Las mujeres somos dueñas de nuestro cuerpo, por supuesto. Y por eso mi amiga Marta está pensando ponerse tetas. A mí lo de las tetas no me convence, pero sí que algún día me gustaría tatuarme una manzana mordida. Somos dueñas de la piel que nos viste los huesos, sí, pero ésa no es aquí la cuestión. Hablamos de un asunto que legalmente no está claro: desde cuándo hay vida. Acepto las causas reconocidas que permiten decidir la muerte del feto, consabidas por todos, cuya necesidad me parece incuestionable. Todo el mundo sabe que los "problemas psicológicos de la madre" son un cajón de sastre en el que cabe cualquier excusa, por lo que realmente abortar en España antes de las 22 semanas de gestación es tan sencillo como acudir al médico arguyendo una fuerte depresión que nos puede llevar al suicidio. Pero me niego a admitir el todo vale que se nos pretende imponer con la excusa de que las mujeres queremos ser libres.

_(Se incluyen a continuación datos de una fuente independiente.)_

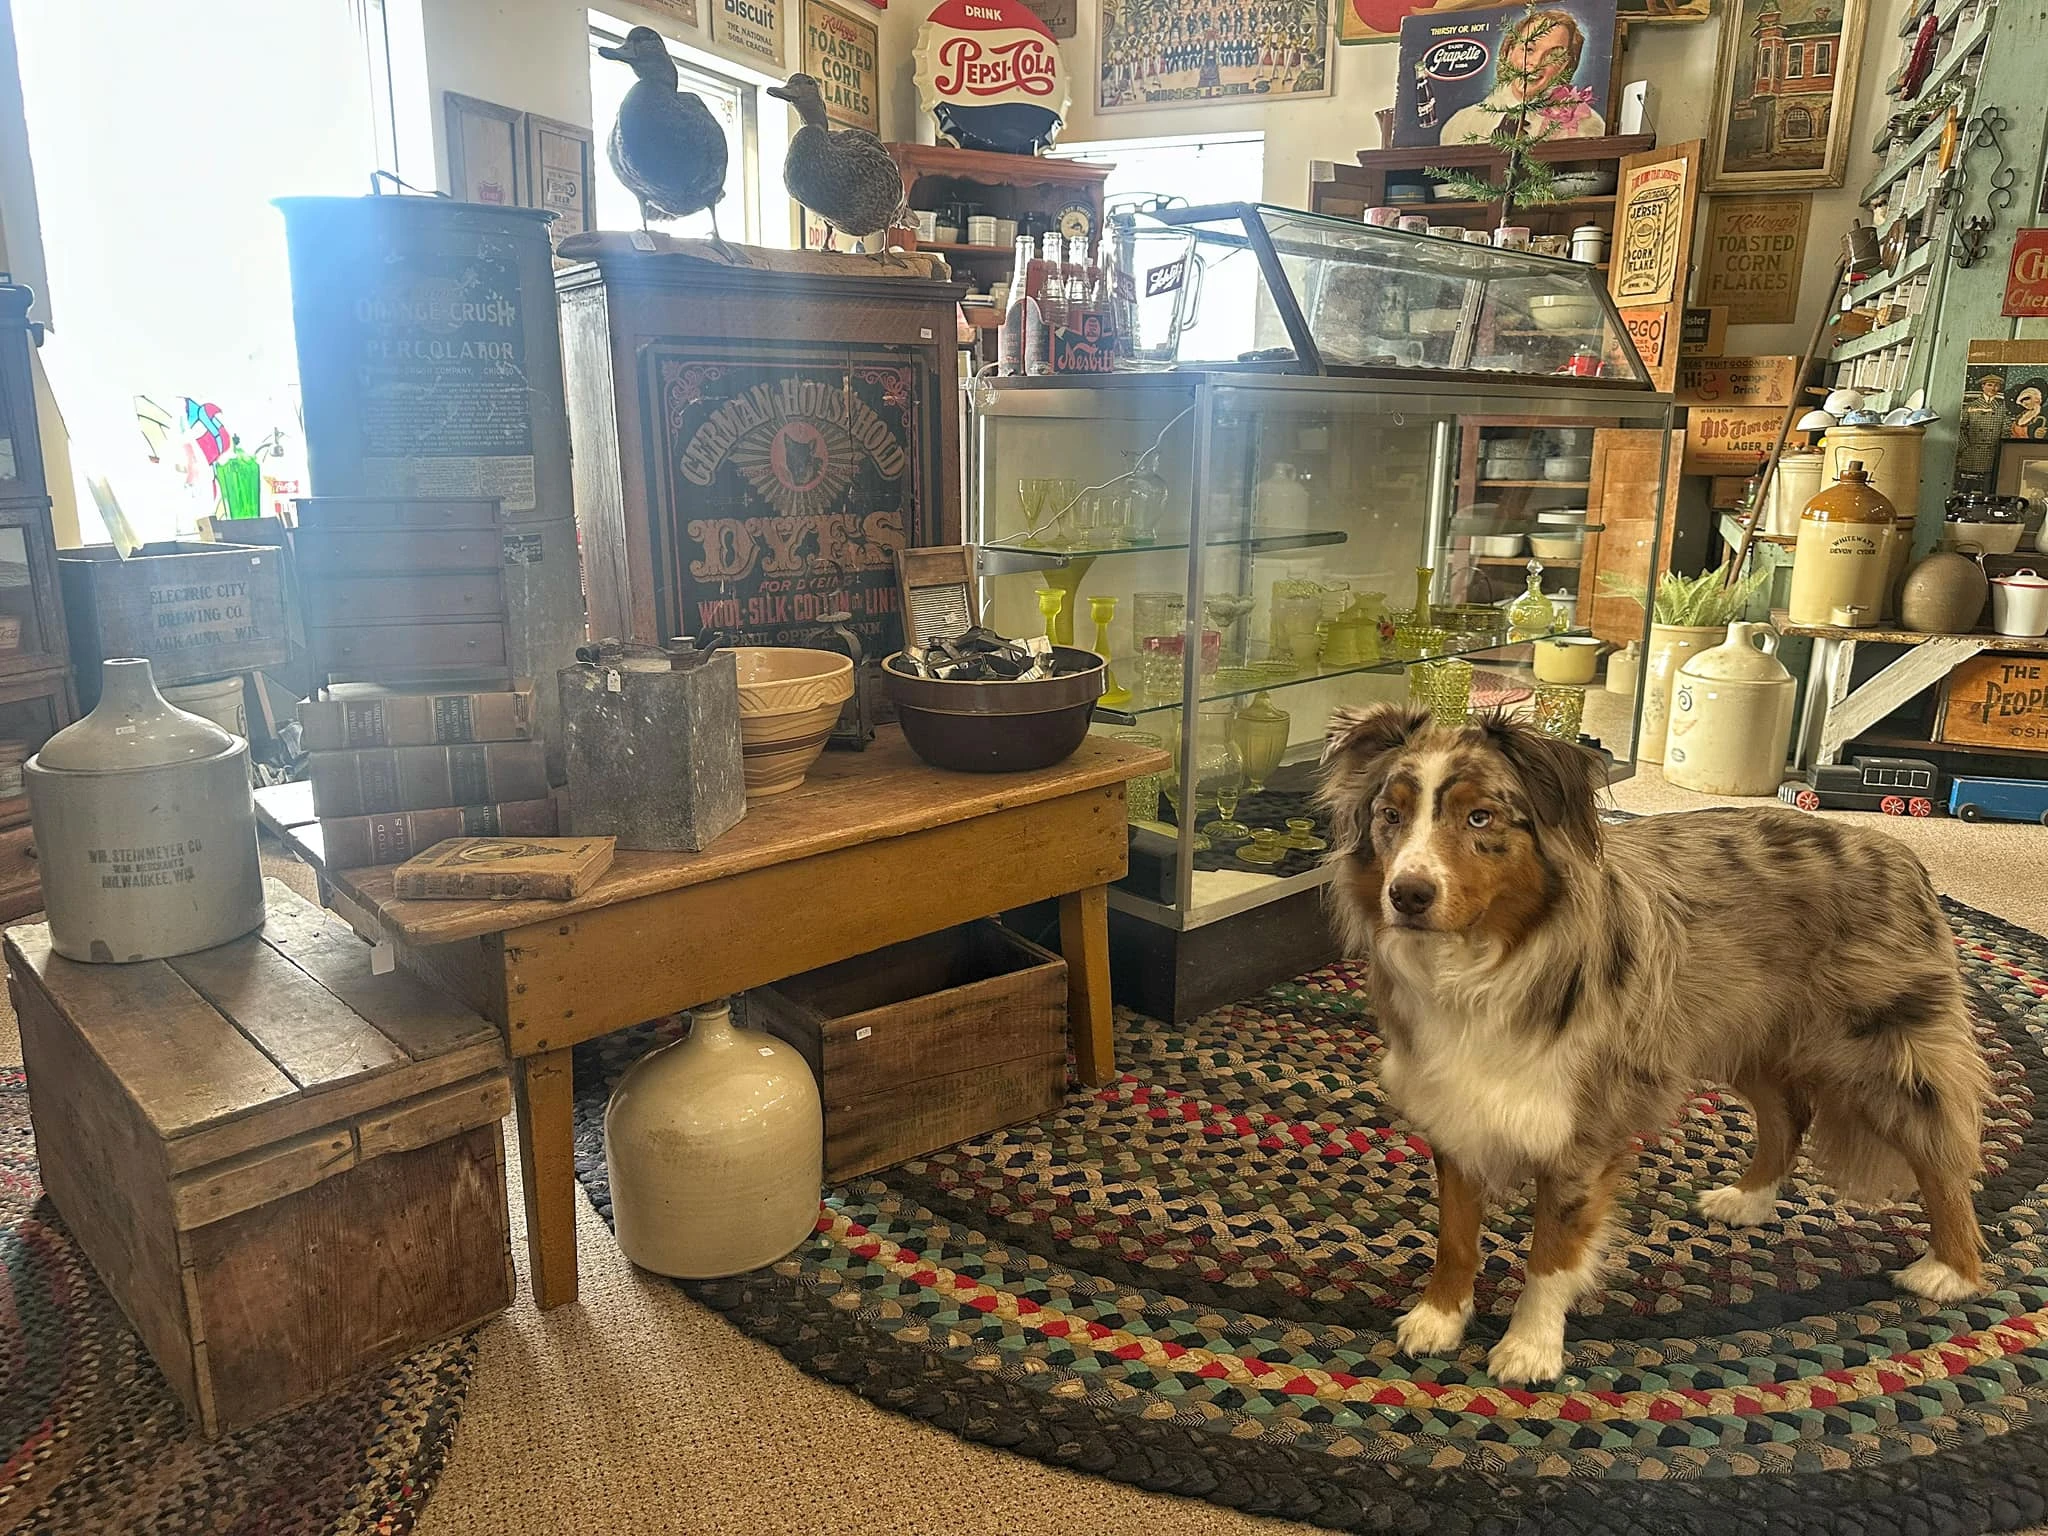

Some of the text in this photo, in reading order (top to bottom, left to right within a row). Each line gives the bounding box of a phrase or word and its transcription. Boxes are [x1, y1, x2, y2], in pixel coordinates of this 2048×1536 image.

Ampliar los márgenes del aborto, y más aún en la impunidad de las aguas internacionales, es dar vía libre al asesinato preventivo. Una barbaridad incalificable es cortar una vida de raíz cuando hay tantísimas personas que desean ser padres y no pueden serlo por limitaciones naturales o biológicas. Cuánto más justo que el aborto es dar a un hijo en adopción, pero qué injusto es negarle la posibilidad de nacer a un mundo que lo espera, porque su corazón late ahí debajo. Quién sabe si estamos negando la existencia a un posible Einstein o un Picasso o un Cervantes...
Me apena y me indigna saber que tantas mujeres, entre ellas una menor de edad sin el consentimiento paterno, se han embarcado para romper aguas internacionales y sesgar una vida que Dios sabe cómo de avanzada estaba. La asquerosa impunidad de la alta mar, como si allí se pudiera matar y, por no estar penado, pudiera una quedarse con la conciencia tranquila.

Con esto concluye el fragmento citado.